Task to complete:
Print the data exactly as written, but leave out each picture.

Material for this exercise:
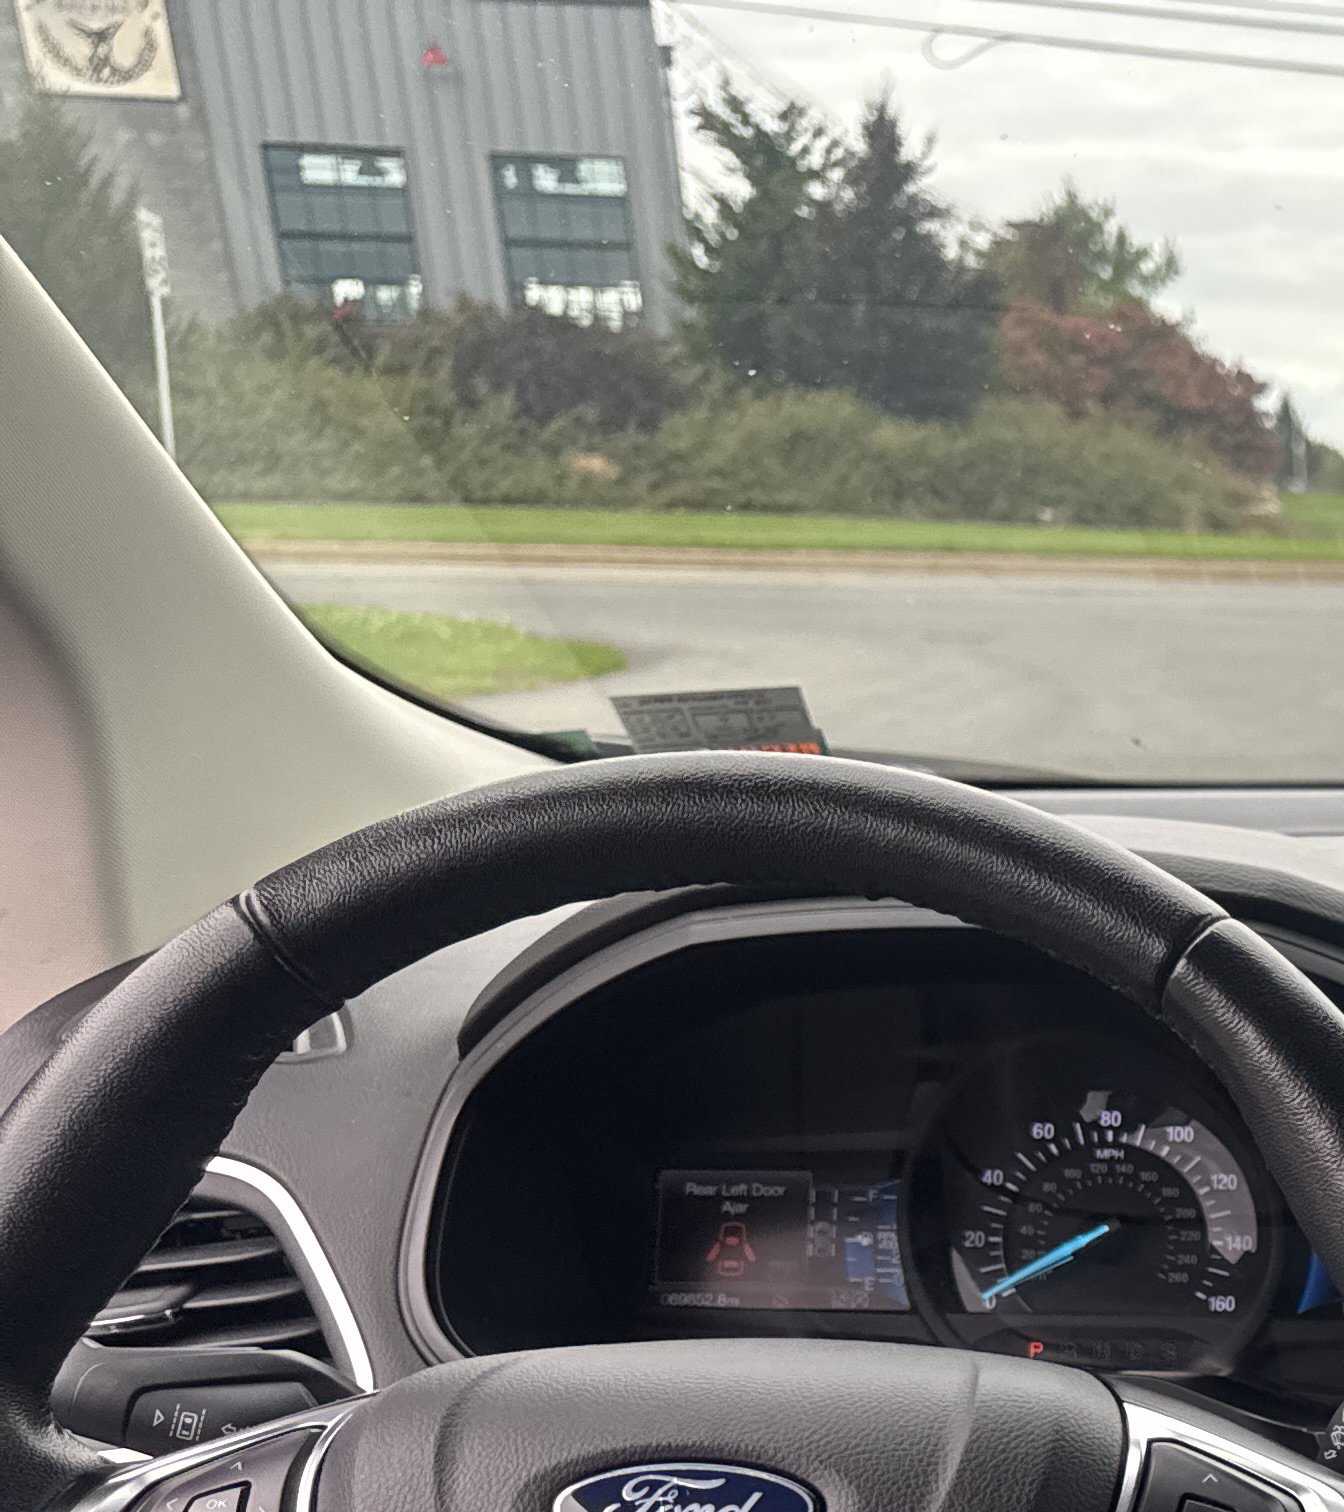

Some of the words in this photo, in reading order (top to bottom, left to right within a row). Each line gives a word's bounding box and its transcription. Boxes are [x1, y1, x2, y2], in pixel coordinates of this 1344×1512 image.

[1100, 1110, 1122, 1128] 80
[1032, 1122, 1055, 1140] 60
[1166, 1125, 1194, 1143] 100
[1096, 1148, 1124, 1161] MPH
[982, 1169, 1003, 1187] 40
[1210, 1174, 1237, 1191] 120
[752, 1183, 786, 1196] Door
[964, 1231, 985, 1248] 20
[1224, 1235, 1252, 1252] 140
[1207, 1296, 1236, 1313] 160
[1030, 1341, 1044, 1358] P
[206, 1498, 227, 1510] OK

Answer section:
Some of the words in this photo, in reading order (top to bottom, left to right within a row). Each line gives a word's bounding box and its transcription. Boxes are [x1, y1, x2, y2], in pixel coordinates of this 1344×1512 image.

[1100, 1110, 1122, 1128] 80
[1032, 1122, 1055, 1140] 60
[1166, 1125, 1194, 1143] 100
[1096, 1148, 1124, 1161] MPH
[982, 1169, 1003, 1187] 40
[1210, 1174, 1237, 1191] 120
[752, 1183, 786, 1196] Door
[964, 1231, 985, 1248] 20
[1224, 1235, 1252, 1252] 140
[1207, 1296, 1236, 1313] 160
[1030, 1341, 1044, 1358] P
[206, 1498, 227, 1510] OK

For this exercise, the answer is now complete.